1. Long-term financial instruments.
Income is an important tool for investors to make long-term investment and asset allocation. The main role of long-term financial instruments is to provide long-term capital to support the long-term investment and operation of enterprises.
2. Medium-term financial instruments.
Medium-term financial instruments refer to financial instruments with a maturity of less than one year and more than half a year, such as medium-term bonds, bank acceptance bills, etc. They usually have lower risks and returns, making them an important tool for investors to make short-term investments and manage their money. The main role of medium-term financial instruments is to provide medium-term funds to support short-term investment and operation of enterprises.
3. Short-term financial instruments.
Short-term financial instruments refer to financial instruments with a maturity of less than half a year, such as short-term bonds, bank demand deposits, etc. They usually have a lower risk and return and are an important tool for investors to make short-term investments and manage their money. The main role of short-term financial instruments is to provide short-term funds to support the short-term investment and operation of enterprises.
Fourth, ultra-short-term financial industry wide cracking pure tools.
Ultra-short-term financial instruments refer to financial instruments with a maturity of less than one day, such as banker's acceptance bills.
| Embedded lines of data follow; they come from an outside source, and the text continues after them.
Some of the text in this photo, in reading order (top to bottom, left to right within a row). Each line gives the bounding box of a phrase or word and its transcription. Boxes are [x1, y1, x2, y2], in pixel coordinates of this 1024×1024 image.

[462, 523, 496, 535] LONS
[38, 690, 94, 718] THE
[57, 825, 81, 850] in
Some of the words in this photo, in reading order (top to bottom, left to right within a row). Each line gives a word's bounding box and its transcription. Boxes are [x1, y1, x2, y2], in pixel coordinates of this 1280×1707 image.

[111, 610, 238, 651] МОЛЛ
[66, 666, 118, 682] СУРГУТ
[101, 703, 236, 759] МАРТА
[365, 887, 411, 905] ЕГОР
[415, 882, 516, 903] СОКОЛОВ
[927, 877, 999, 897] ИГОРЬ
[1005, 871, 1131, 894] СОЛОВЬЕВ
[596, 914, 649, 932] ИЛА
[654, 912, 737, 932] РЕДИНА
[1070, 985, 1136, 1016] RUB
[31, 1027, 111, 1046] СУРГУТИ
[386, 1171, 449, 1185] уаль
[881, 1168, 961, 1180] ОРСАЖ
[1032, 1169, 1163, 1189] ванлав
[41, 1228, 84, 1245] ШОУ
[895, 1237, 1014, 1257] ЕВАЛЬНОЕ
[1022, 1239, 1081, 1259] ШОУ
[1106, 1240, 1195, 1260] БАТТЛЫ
They are usually highly liquid and low risk, making them an important tool for investors to manage their money in the short term. The main role of ultra-short-term financial instruments is to provide ultra-short-term funds to support the short-term operation and capital turnover of enterprises.
The impact of financial instruments on finance:
1. Increase the liquidity and effectiveness of the financial market
Financial instruments can provide investors with a variety of different investment options, thereby increasing the liquidity and effectiveness of financial markets.
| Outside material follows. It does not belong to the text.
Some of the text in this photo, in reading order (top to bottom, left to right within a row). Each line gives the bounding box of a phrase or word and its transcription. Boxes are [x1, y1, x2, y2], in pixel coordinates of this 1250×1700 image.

2. Support the financing and investment of enterprises
Financial instruments provide enterprises with a variety of financing and investment methods, which can help enterprises solve their capital problems and promote the development of enterprises.
3. Promote financial innovation
The innovation and development of financial instruments can promote the innovation and development of the financial market, improve the efficiency of the financial market and the pure force of competition.
4. Risk management and risk diversification
Financial instruments can provide investors with a means of risk management and risk diversification, thereby reducing investment risk.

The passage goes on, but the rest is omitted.